= Try it =
Take the line that contains "this 1156×1736 image." and each line after it to the end of the data below, and set them down exactly, omitting pictures.

= Information provided =

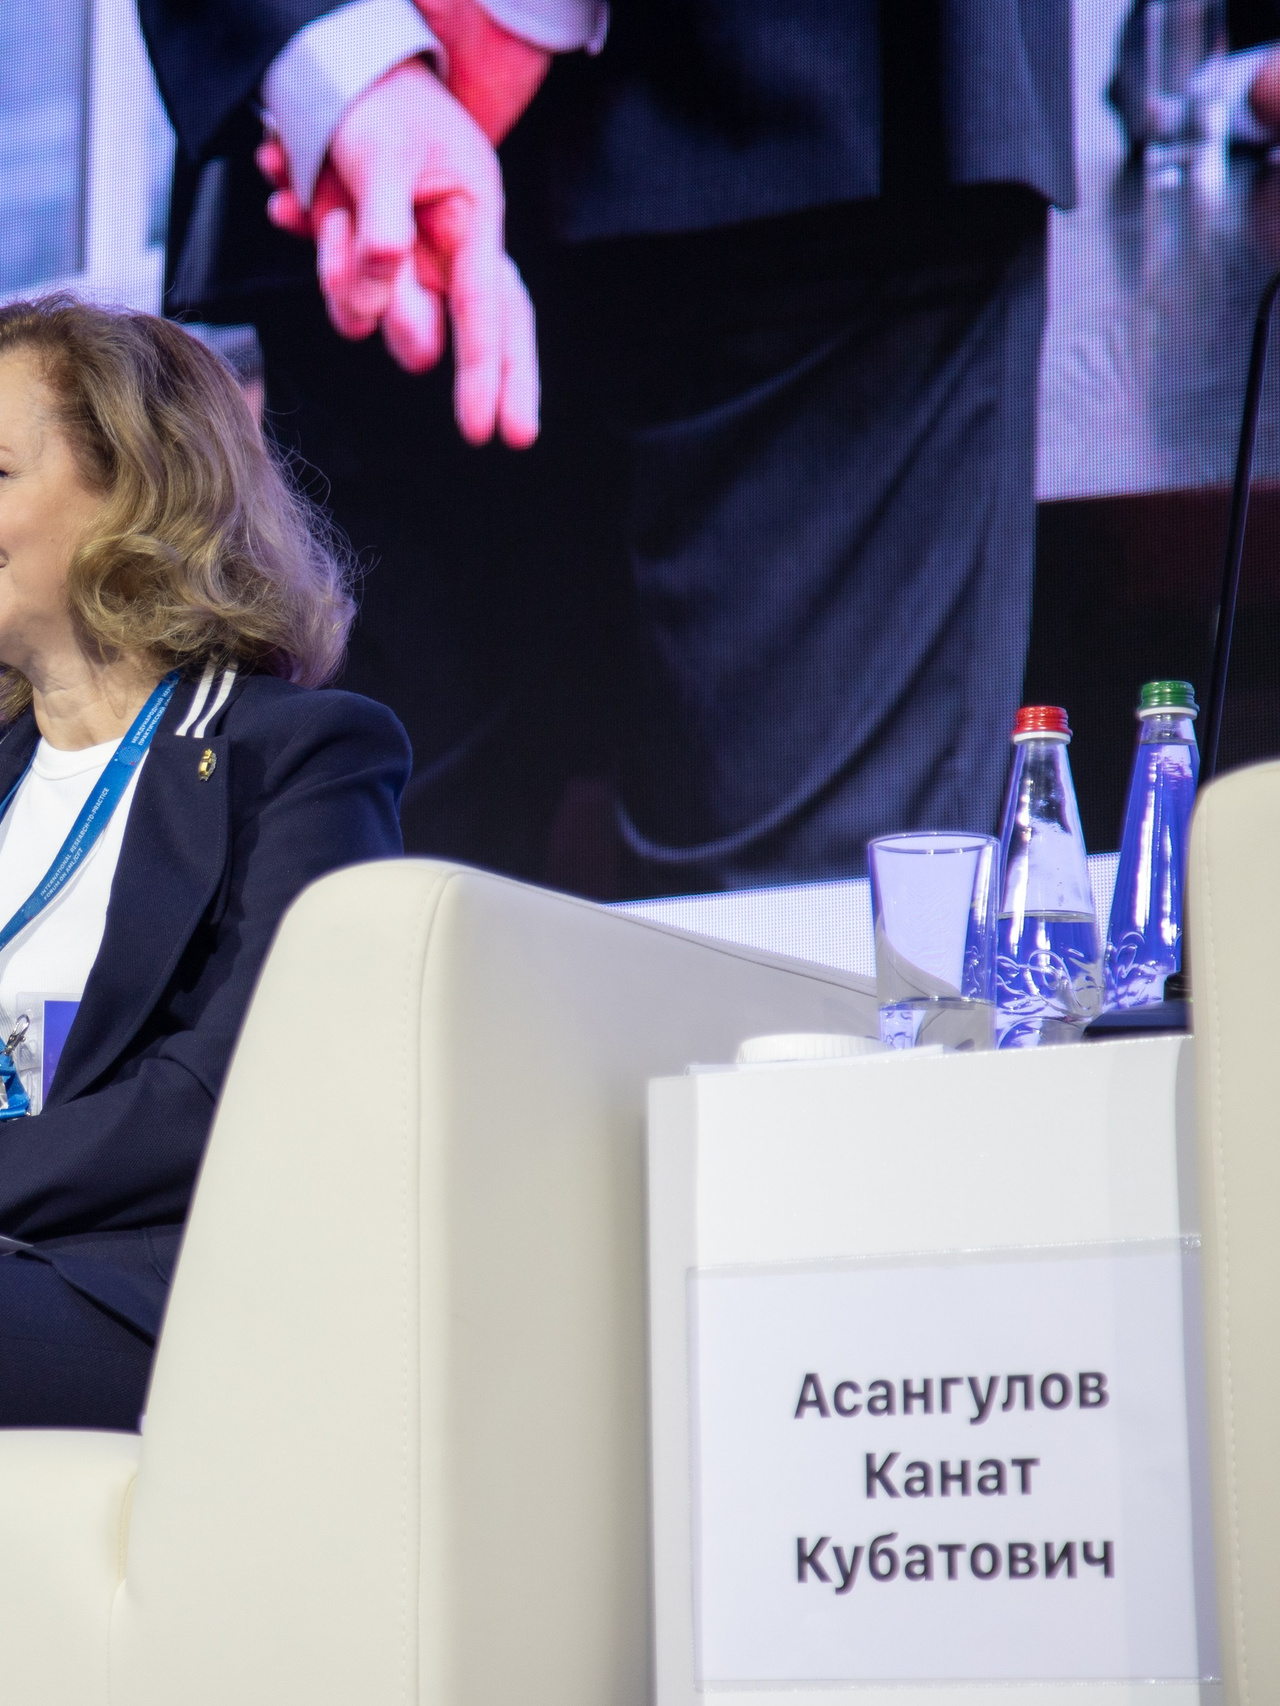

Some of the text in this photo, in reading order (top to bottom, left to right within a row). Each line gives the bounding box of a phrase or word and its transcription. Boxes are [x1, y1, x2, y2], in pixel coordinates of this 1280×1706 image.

[131, 697, 165, 744] МЕЖДУНАРОДНЫЙ
[138, 706, 166, 746] ПРАКТИЧЕСКИЙ
[40, 786, 110, 897] INTERNATIONAL RESEARCH-TO-PRACTICE
[43, 847, 84, 901] FORUM ON AML/CFT
[794, 1371, 1109, 1425] Асангулов
[865, 1452, 1040, 1498] Канат
[796, 1532, 1115, 1595] Кубатович
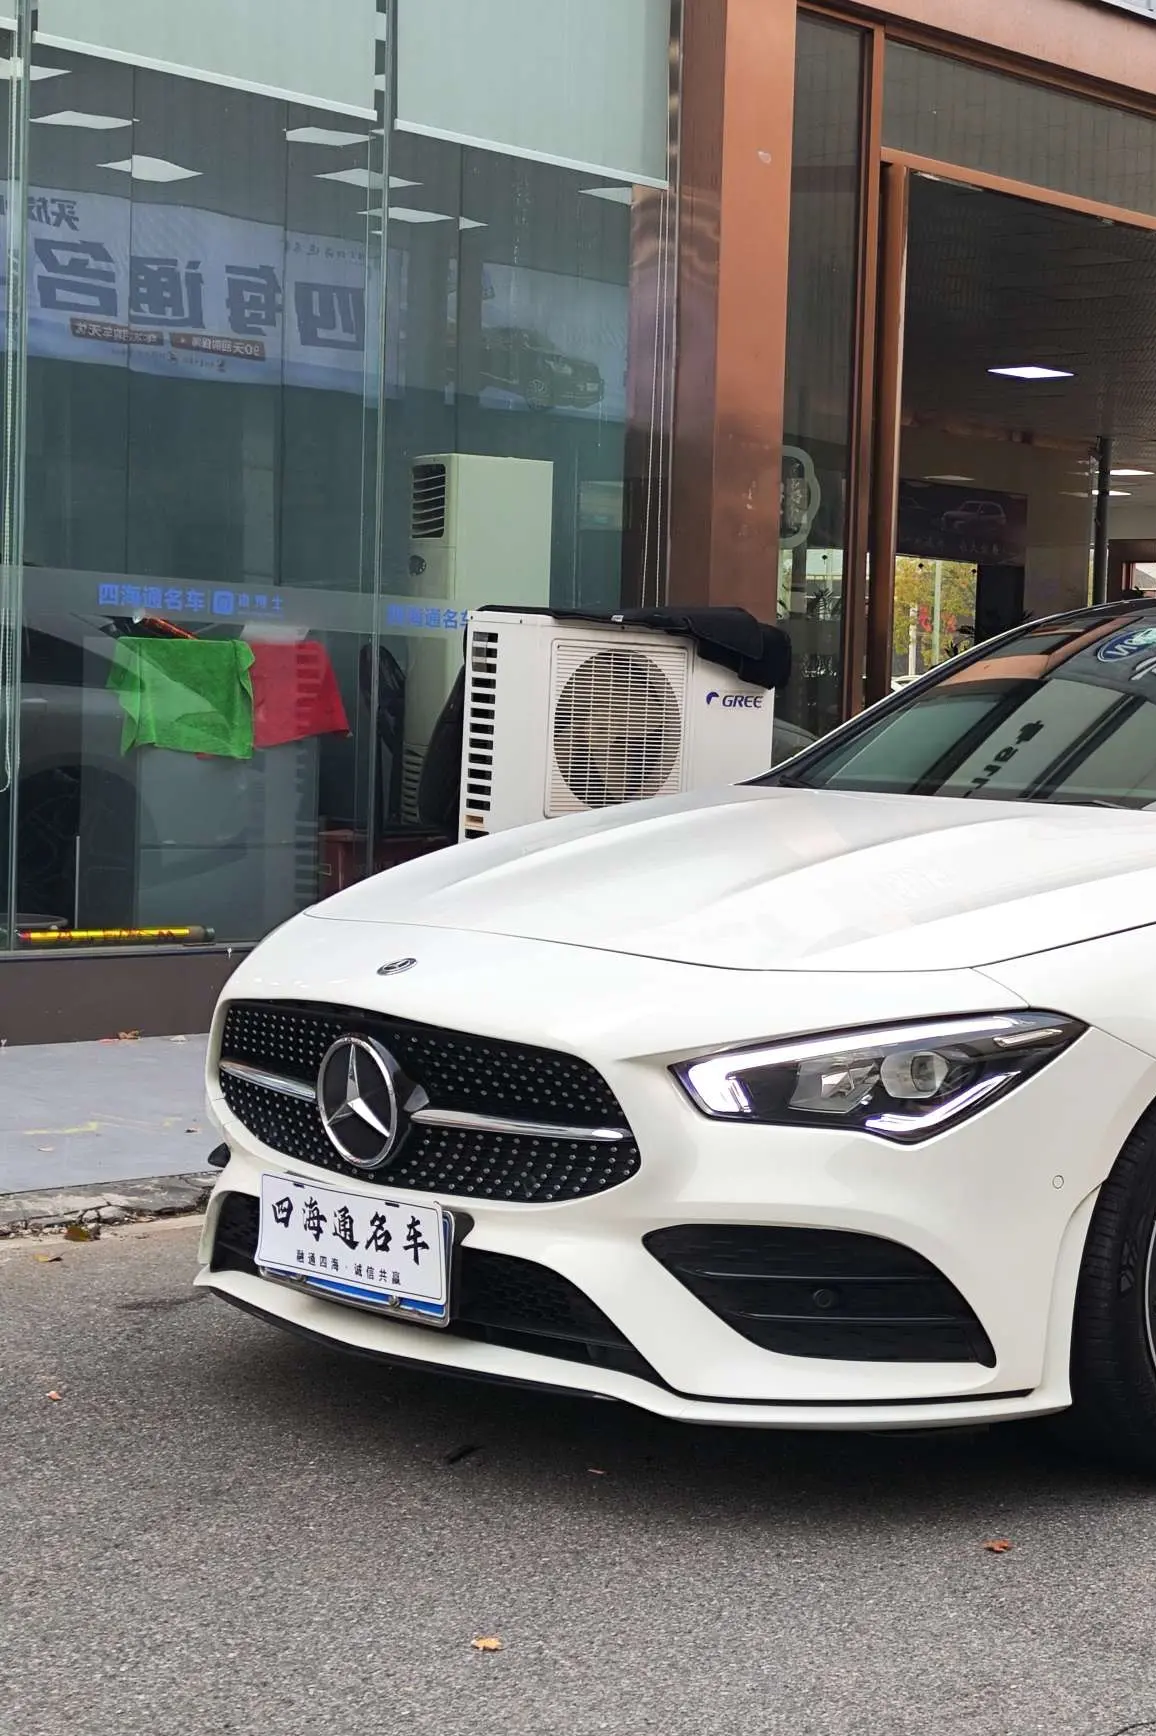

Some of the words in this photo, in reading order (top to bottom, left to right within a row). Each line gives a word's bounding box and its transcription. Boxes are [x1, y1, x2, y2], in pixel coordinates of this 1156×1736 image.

[722, 695, 764, 709] GREE
[271, 1196, 430, 1266] 四海通名车
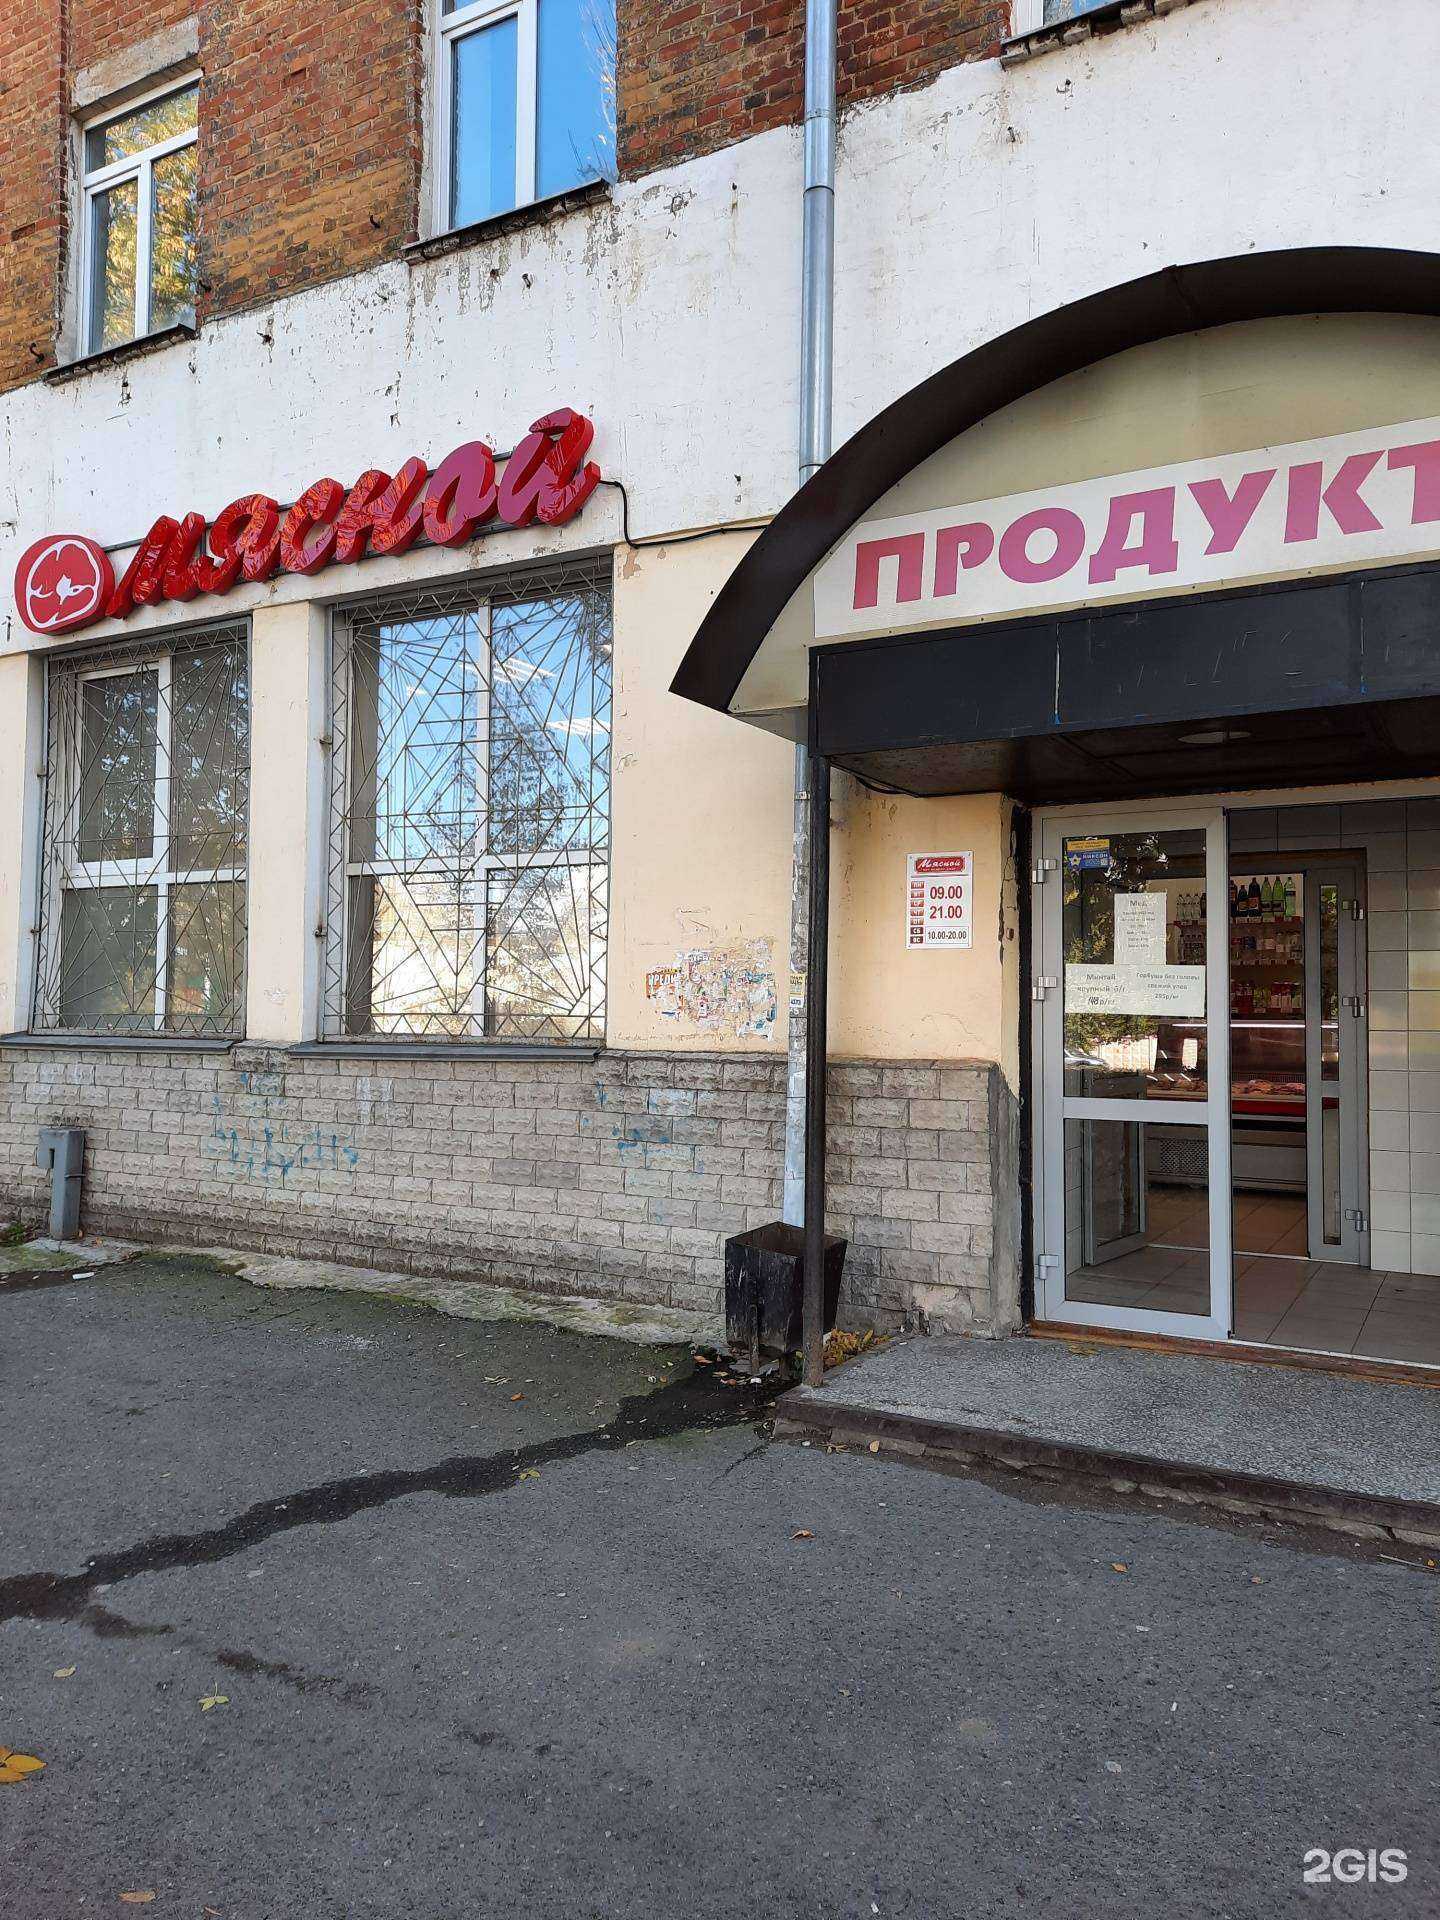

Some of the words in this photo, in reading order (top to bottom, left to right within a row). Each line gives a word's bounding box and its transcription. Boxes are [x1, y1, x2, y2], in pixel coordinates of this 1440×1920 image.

[852, 440, 1440, 610] ПРОДУКТ
[929, 885, 963, 900] 09.00
[929, 905, 963, 919] 21.00
[928, 930, 967, 940] 10.00-20.00

= Response box =
Some of the words in this photo, in reading order (top to bottom, left to right within a row). Each line gives a word's bounding box and its transcription. Boxes are [x1, y1, x2, y2], in pixel coordinates of this 1156×1736 image.

[722, 695, 764, 709] GREE
[271, 1196, 430, 1266] 四海通名车

Some of the words in this photo, in reading order (top to bottom, left to right within a row). Each line gives a word's bounding box and its transcription. Boxes are [x1, y1, x2, y2], in pixel coordinates of this 1440×1920 image.

[852, 440, 1440, 610] ПРОДУКТ
[929, 885, 963, 900] 09.00
[929, 905, 963, 919] 21.00
[928, 930, 967, 940] 10.00-20.00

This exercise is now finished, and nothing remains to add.